Preventing a revolt among major buying shops that prefer to keep live data as the local TV currency, Nielsen announced Wednesday (Dec. 16) it modified its plan to eliminate live ratings and replace it with a live-plus-same-day in local meter markets. In an effort to appease both stations and agencies, Nielsen told clients Wednesday (Dec. 16) it would split the difference, keeping live ratings in the monthly reports and electronic data files, but go ahead with the original plan to replace live ratings with live-plus-same-day in the overnights.
The modified plan will go into effect Jan. 7 and continue until March 31, 2010, allowing clients to compare the ratings from the two ratings sources.
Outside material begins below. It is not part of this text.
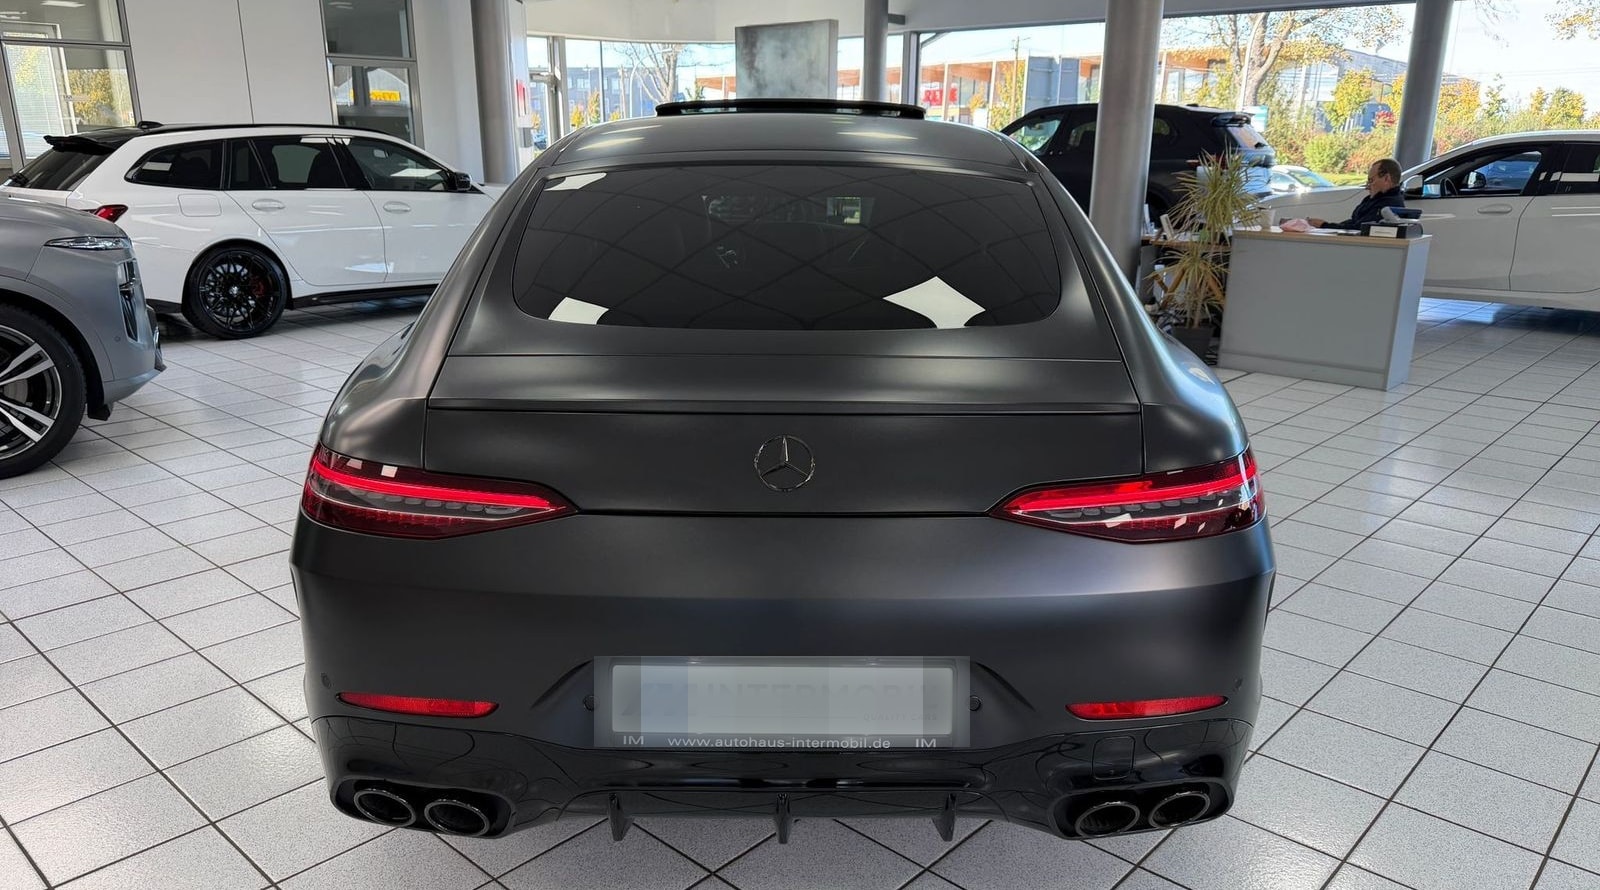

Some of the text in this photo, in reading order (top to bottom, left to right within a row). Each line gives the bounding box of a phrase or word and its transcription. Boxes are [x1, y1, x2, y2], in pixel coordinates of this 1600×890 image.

[623, 735, 937, 748] IM www.autohaus-intermobil.de IM
In November, when Nielsen announced it would change the currency from live ratings to live-plus-same-day, it pleased Nielsen’s station clients but set off a firestorm among agencies. Since then, several major buying shops, the American Association of Advertising Agencies and the Association of National Advertisers asked Nielsen to reconsider its decision and reinstate live-only ratings.
Nielsen turned to its clients to help resolve the conflict. As a result of those discussions, Nielsen came up with a modified approach to ease the transition.
“We have been encouraged by the growing dialogue amongst our clients and we hope that this dialogue will lead to the industry’s coalescing around a set of data streams that will be best suited to conduct business. It is clear, though, that with the holiday season right around the corner, more time is needed for these discussions,” Sabrina Crow, senior vp and managing director of local media client services for Nielsen wrote in a Dec. 16 client letter.
“Nielsen heard from all parties and they’re doing the right thing,” said Rino Scanzoni, chief investment officer for GroupM and chairman of Mediaedge:cia. That’s a far cry from a few weeks ago when he threatened legal action.
Now the situation is reversed and stations are livid, surprised by the change in plans. For first quarter sales, stations will be unable to use live-plus-three-day, a metric used for at least 30 percent of the business. Because the metric will not be available for software buying and selling publications, live-plus-three-day cannot serve as the basis for any estimates or posts.
Stations thought the industry had moved on. “Live only is an inaccurate depiction of daily video consumption and more people are watching television for longer periods of time than ever. Discounting all delayed viewing, even if for 30 seconds, is refusing to acknowledge the way people are watching television programs and commercials, today,” said Kathleen Keefe, vp of sales for Hearst Television.
The debate for a better local metric is far from over. Scanzoni is focused on coming up with a metric that takes into account viewing to commercials, similar to the C3 metric used for national buys.
“We know Live Only ratings are not the long term answer. The answer is not live-plus-same-day, but something that replicates what we have nationally,” said Scanzoni, which has been meeting with Nielsen and station groups. “It’s more challenging on the local level, but there are some things we can extract and come up with a solid surrogate. Both sides want to find a more lasting resolution.”
Mediaweek is a unit of the Nielsen Co. until Dec. 31.